**DATA SUPPLIED:**
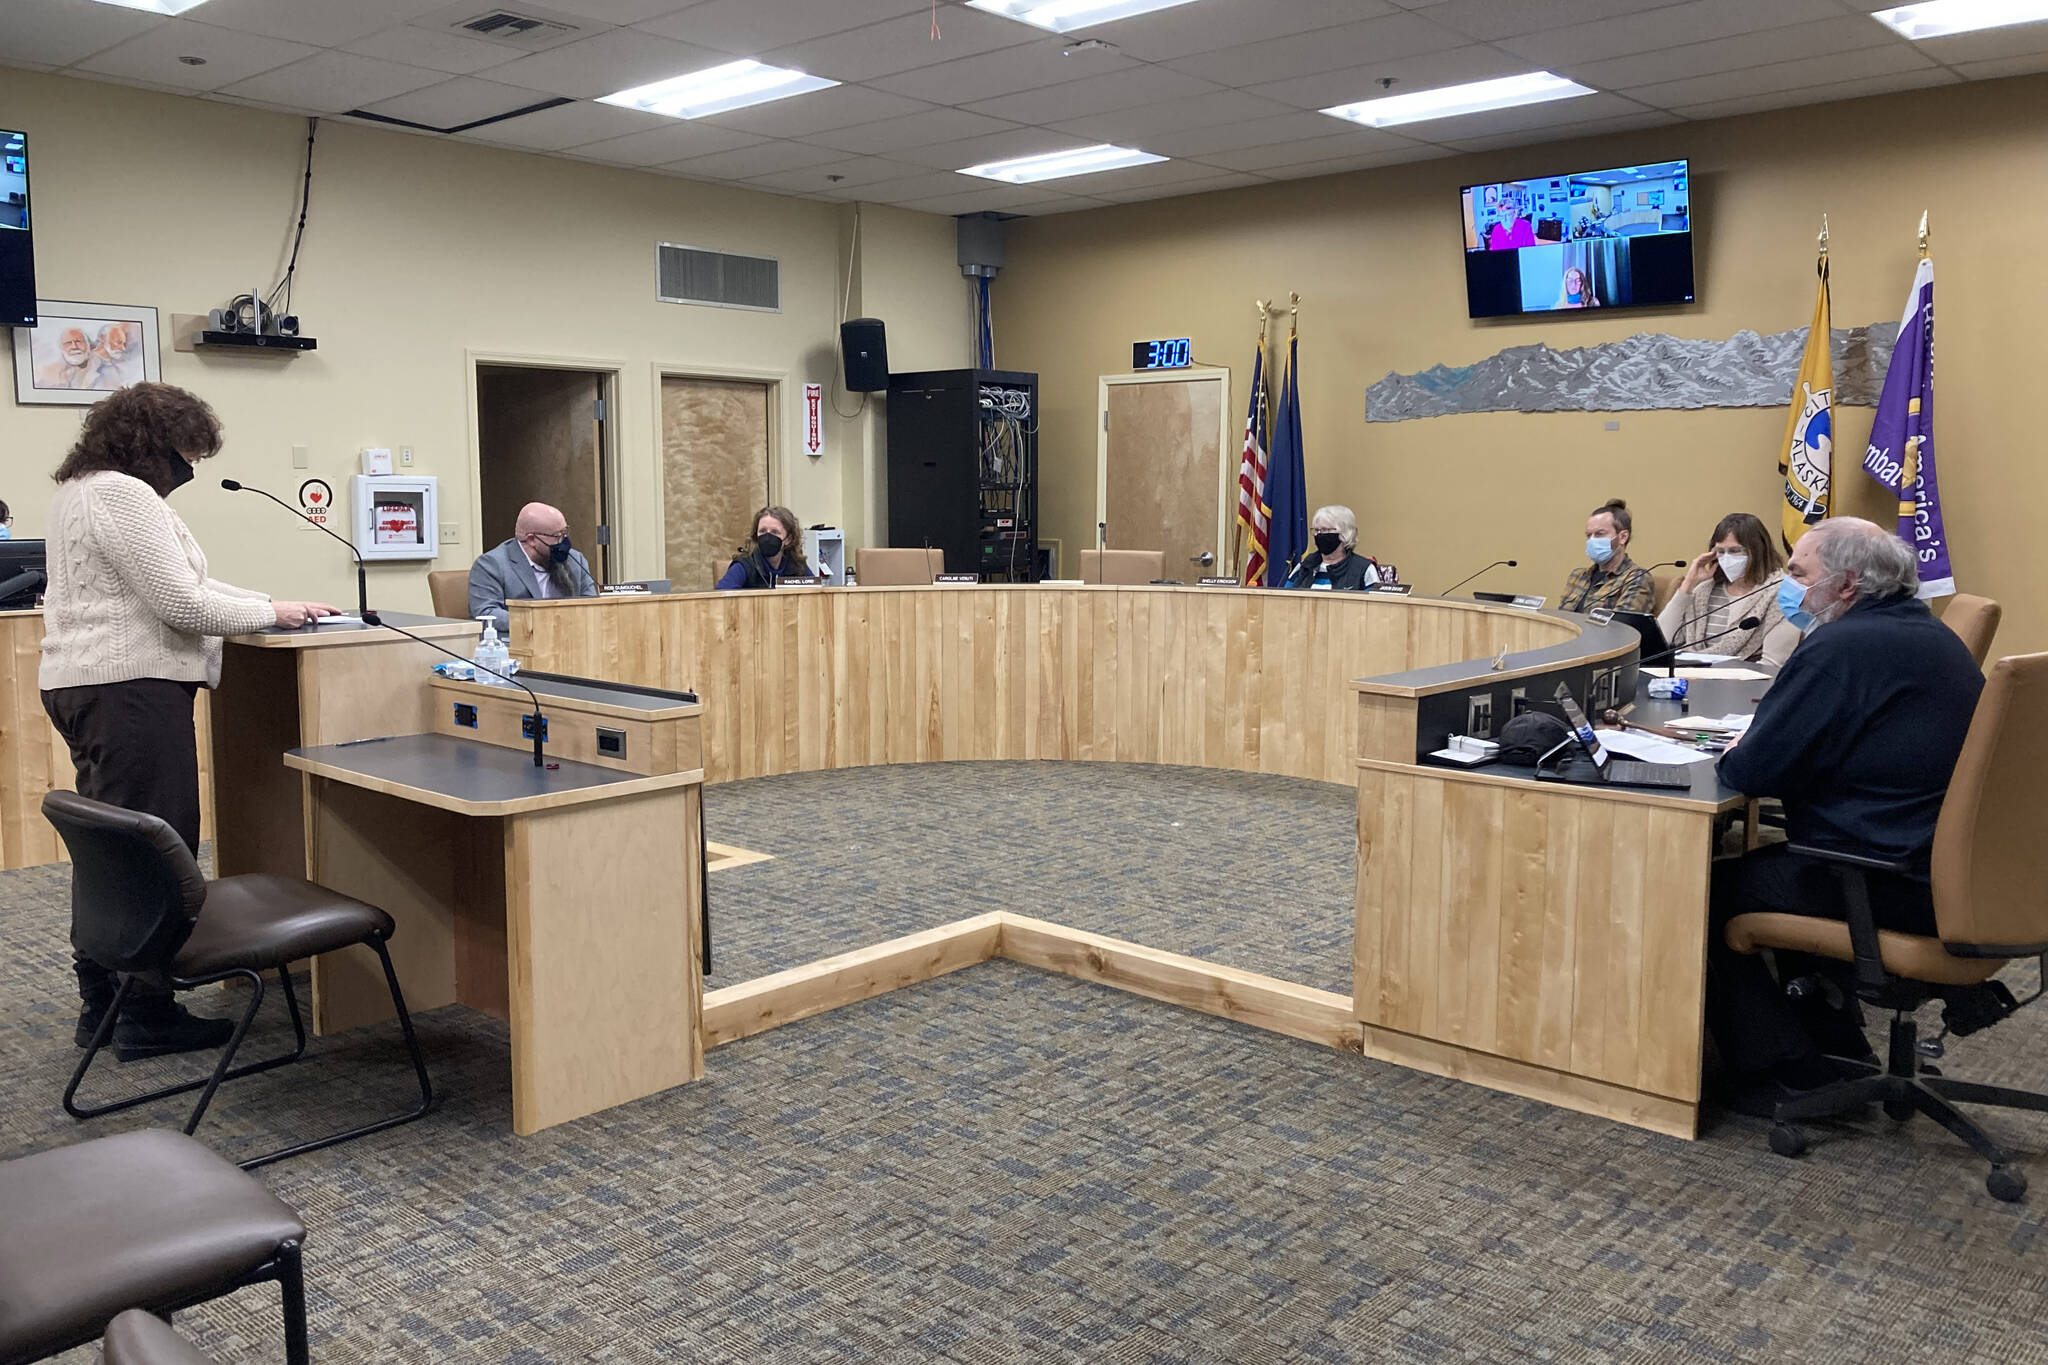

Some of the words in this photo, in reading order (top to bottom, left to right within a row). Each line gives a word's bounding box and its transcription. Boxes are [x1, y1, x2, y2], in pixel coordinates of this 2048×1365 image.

[1147, 338, 1189, 369] 3:00
[1804, 391, 1831, 418] CIT
[1864, 443, 1904, 487] mbat
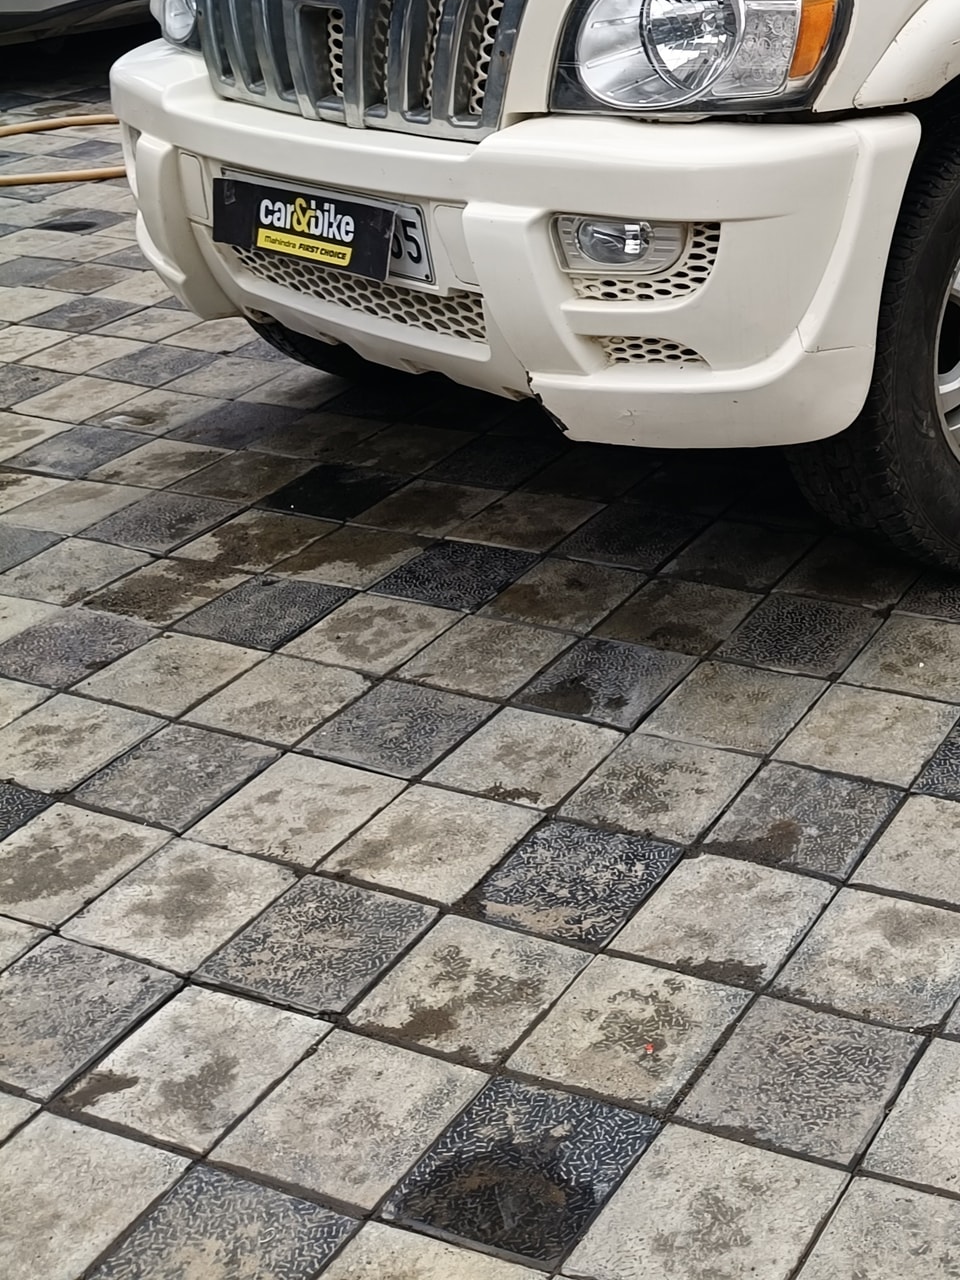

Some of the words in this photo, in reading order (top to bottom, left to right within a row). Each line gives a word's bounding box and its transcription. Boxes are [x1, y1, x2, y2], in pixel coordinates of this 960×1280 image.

[260, 198, 354, 242] car&bike
[264, 235, 296, 249] Mahindra
[298, 243, 319, 254] FIRST
[320, 248, 347, 260] CHOICE
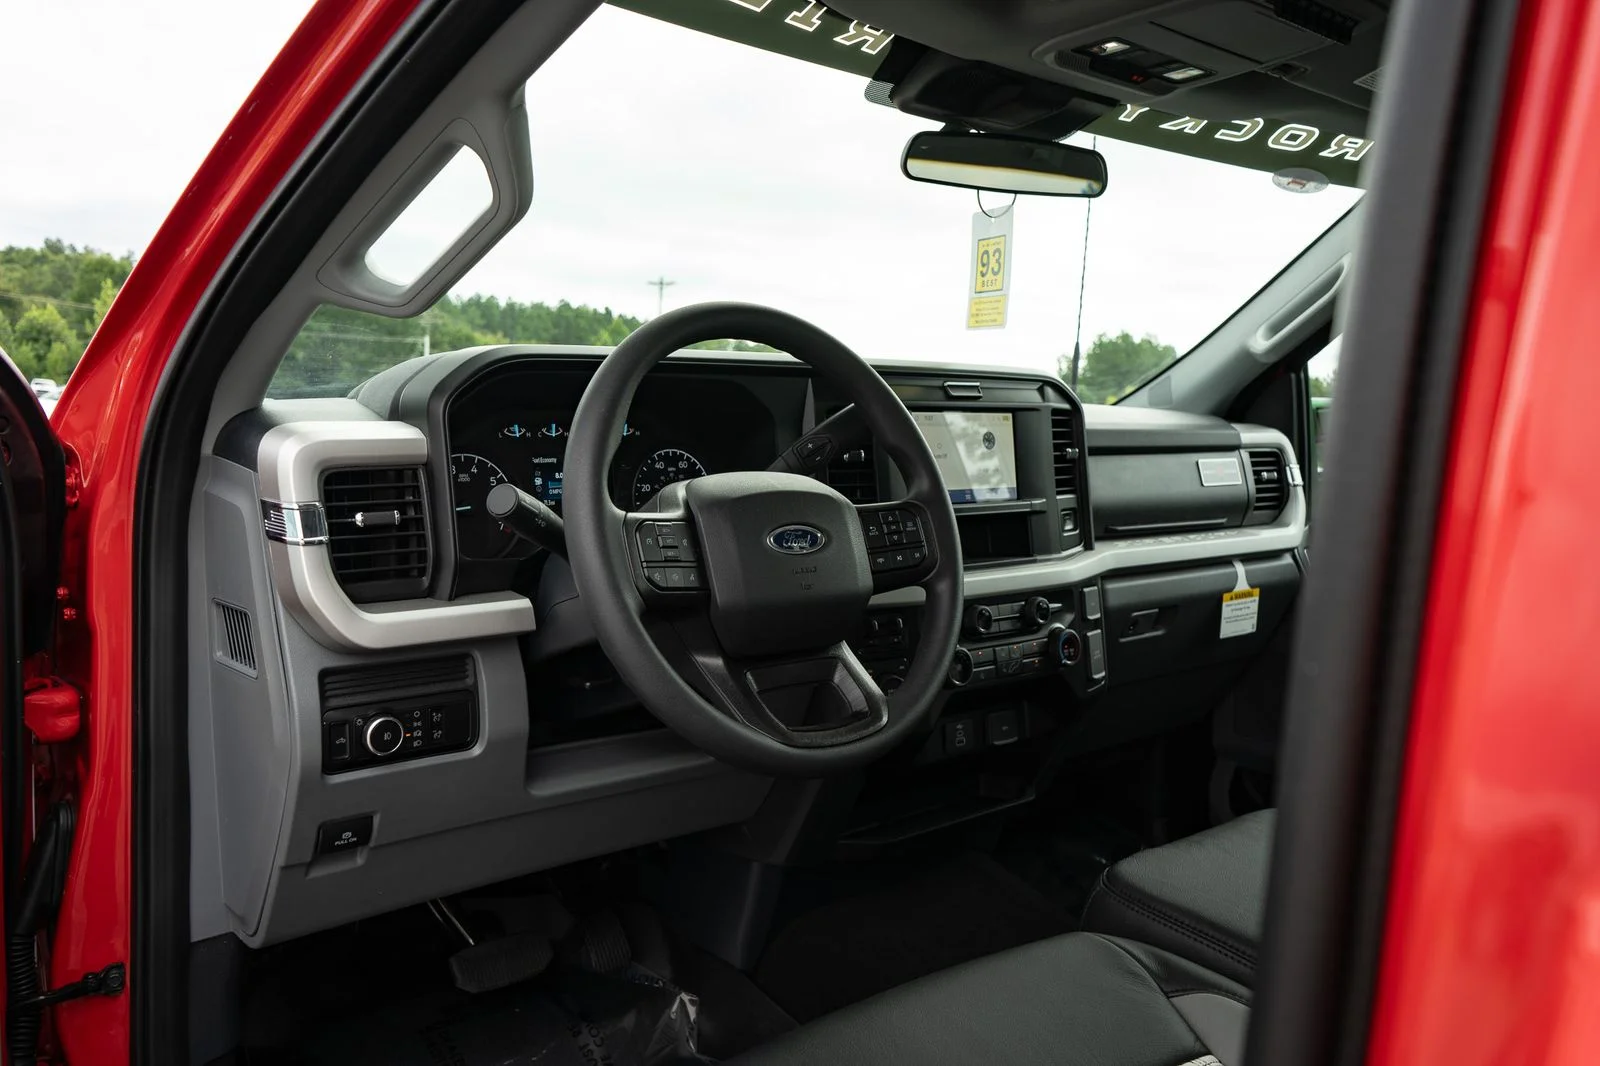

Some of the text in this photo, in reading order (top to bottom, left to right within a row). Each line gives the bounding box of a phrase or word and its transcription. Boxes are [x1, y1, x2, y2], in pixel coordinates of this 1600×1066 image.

[979, 247, 1003, 278] 93
[981, 278, 999, 288] BEST
[471, 465, 478, 474] 4
[654, 461, 665, 470] 40
[678, 461, 688, 469] 60
[489, 477, 497, 486] 5
[640, 484, 651, 492] 20
[782, 530, 812, 549] Ford

**EXERCISE DIRECTIONS:** From the first line above to the last, reproduce the records exactly but without the pictures.

**RESULT OF THIS TASK:**
Some of the words in this photo, in reading order (top to bottom, left to right within a row). Each line gives a word's bounding box and its transcription. Boxes are [x1, y1, x2, y2], in pixel coordinates of this 2048×1365 image.

[1147, 338, 1189, 369] 3:00
[1804, 391, 1831, 418] CIT
[1864, 443, 1904, 487] mbat

Some of the words in this photo, in reading order (top to bottom, left to right within a row). Each line gives a word's bounding box and its transcription. Boxes are [x1, y1, x2, y2], in pixel coordinates of this 960×1280 image.

[260, 198, 354, 242] car&bike
[264, 235, 296, 249] Mahindra
[298, 243, 319, 254] FIRST
[320, 248, 347, 260] CHOICE

Some of the text in this photo, in reading order (top to bottom, left to right within a row). Each line gives the bounding box of a phrase or word and its transcription. Boxes are [x1, y1, x2, y2], in pixel coordinates of this 1600×1066 image.

[979, 247, 1003, 278] 93
[981, 278, 999, 288] BEST
[471, 465, 478, 474] 4
[654, 461, 665, 470] 40
[678, 461, 688, 469] 60
[489, 477, 497, 486] 5
[640, 484, 651, 492] 20
[782, 530, 812, 549] Ford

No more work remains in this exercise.